Со стоном боли он надавил пальцами на глазные яблоки, в надежде отнял руки от глаз, но серое помещение никуда не делось, он по-прежнему сидел на деревянном топчане, на тонком слое сена.

Понять сколько времени он провел без сознания, было совершенно невозможно. Что сейчас — вечер, еще день или уже следующее утро? Дотянуться до окна никак не получилось бы, высота сводов в верхней точке (шелыге) была явно выше трех метров. Разве что залезть на стол, но залезать куда-либо Анри был просто не в состоянии. На столе стоял кувшин с водой и лежал ломоть хлеба.

— Мне оставили… тюремный паек… — Анри говорил вслух только чтобы услышать свой голос, потому, что чувствовал: в тишине просто сойдет с ума. — Для завершенности картины меня еще должны повесить… Какой бред!

Молодой человек закашлялся. Потом взял кувшин дрожащими руками и долго жадно пил, проливая воду на подбородок и рубашку.

— Эй! — Анри попытался крикнуть, голос был очень слаб. — Эй, вы, там! Немедленно выпустите меня отсюда! Ваша дурацкая шутка слишком затянулась. Если меня тут найдут, ваш городок вообще с землей сравняют!

Но никто не ответил. Вообще ни с улицы, ни из-за тяжелой двери не доносилось ни звука. Анри положил руки на стол, уронил на них голову и затих.

Во второй раз он очнулся от звяканья ключей. Очевидно, он или заснул в сидячем положении, или снова потерял сознание. Свет из окна померк, в комнате стало темнее.

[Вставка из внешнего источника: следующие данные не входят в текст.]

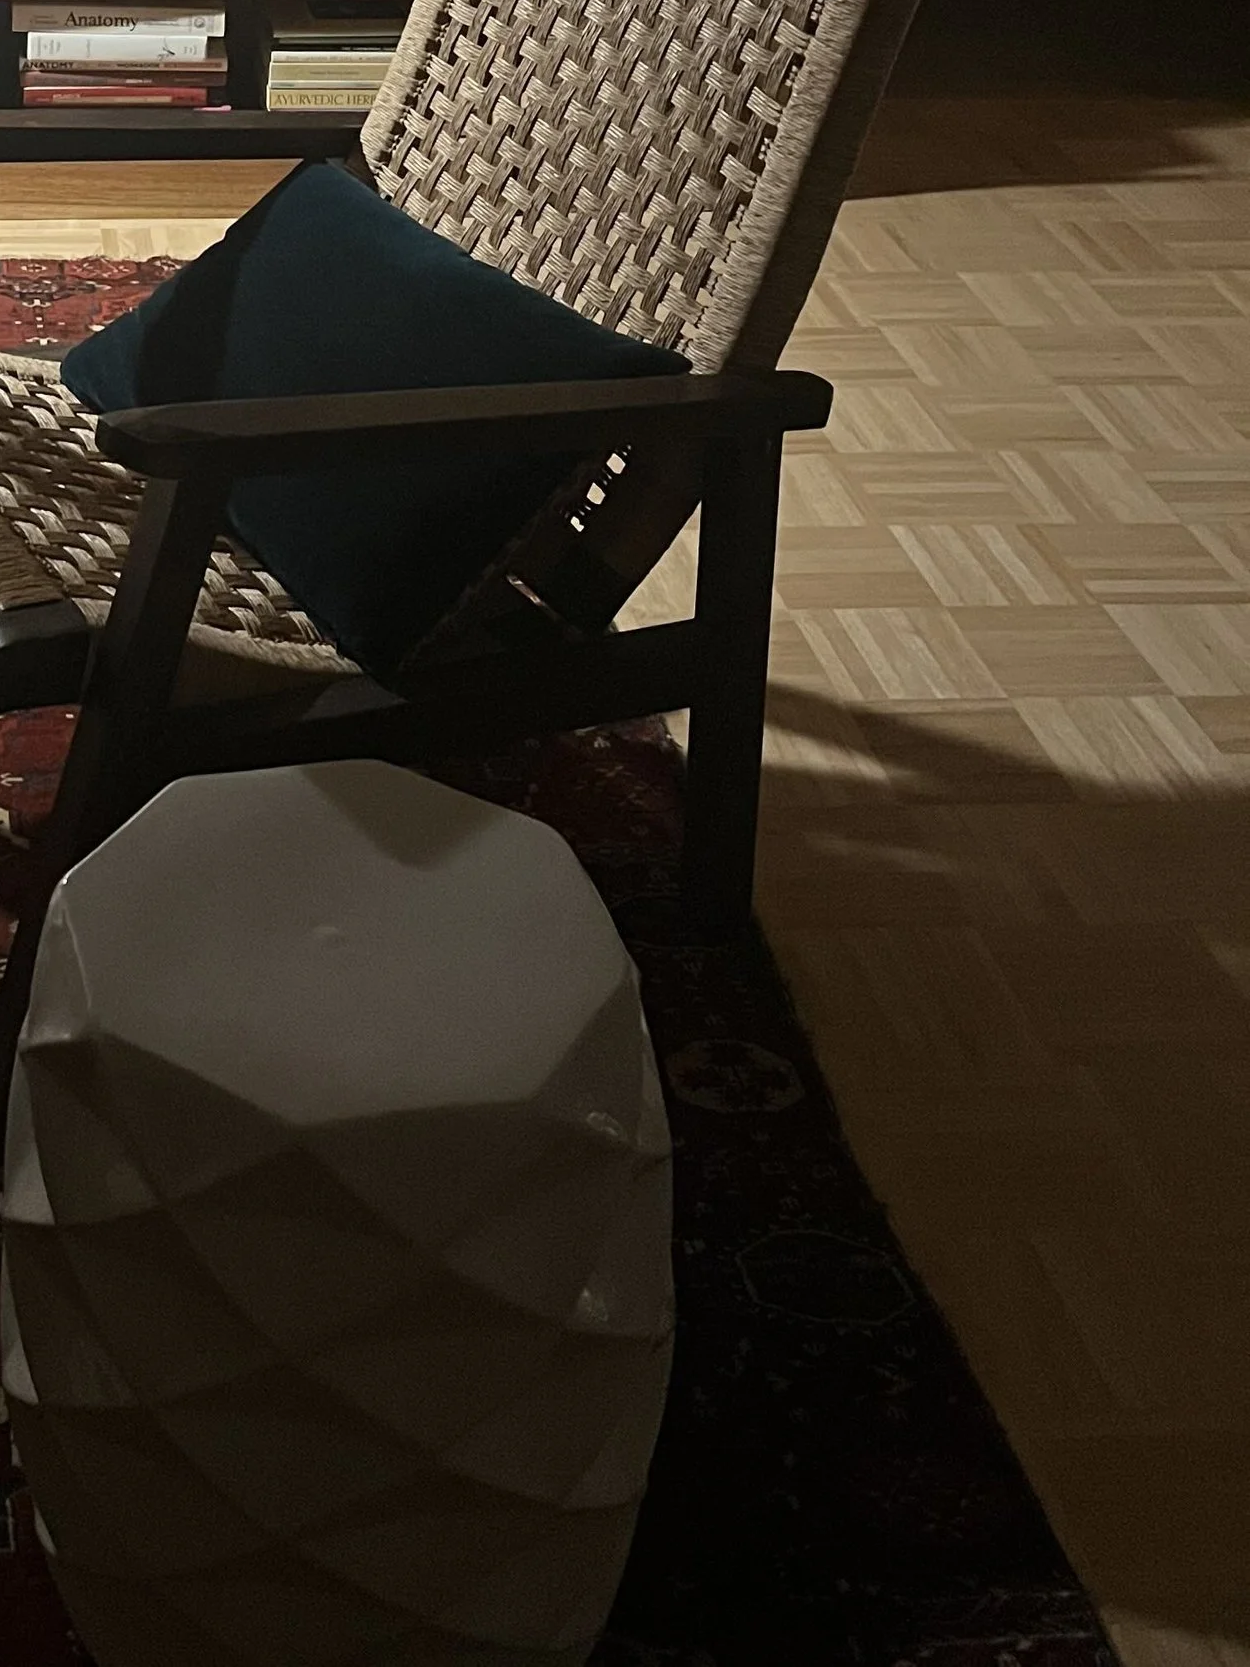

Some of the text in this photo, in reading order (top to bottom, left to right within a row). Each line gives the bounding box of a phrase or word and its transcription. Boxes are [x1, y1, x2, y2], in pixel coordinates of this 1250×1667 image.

[64, 12, 140, 31] Anatomy
[22, 60, 74, 70] ANATOMY
[275, 93, 339, 106] AYURVEDIC

— Значит, вечер, — тихо сказал Анри.

Дверь открыл дюжего вида мужчина, чуть ли не на голову выше Анри. Он, согнувшись в дверях, посмотрел на пленника, потом сделал шаг назад и пропустил священника, того самого, который днем вынес Меч Рыцаря из собора и дал его мэру. Священник оглянулся на стражника, тихо поблагодарил его, прошел внутрь, держа в одной руке небольшую табуретку, а во второй свечу. Поставил свечку на стол и, усевшись напротив прикованного узника, стал внимательно на него смотреть.

— А-а-а, святой отец. Зачем пришли? Исповедовать грешника перед казнью? — Анри усмехнулся.

— Я не могу вас исповедовать, я могу исповедовать только людей.

— И вы туда же. Наверное, вы все сошли с ума в этом городе. Наверное, вы так и рождаетесь, уже сошедшими с ума, — говорить было тяжело, слова получались совсем слабыми, едва слышными.

— Я не родился в этом городе, меня прислали сюда по окончании семинарии.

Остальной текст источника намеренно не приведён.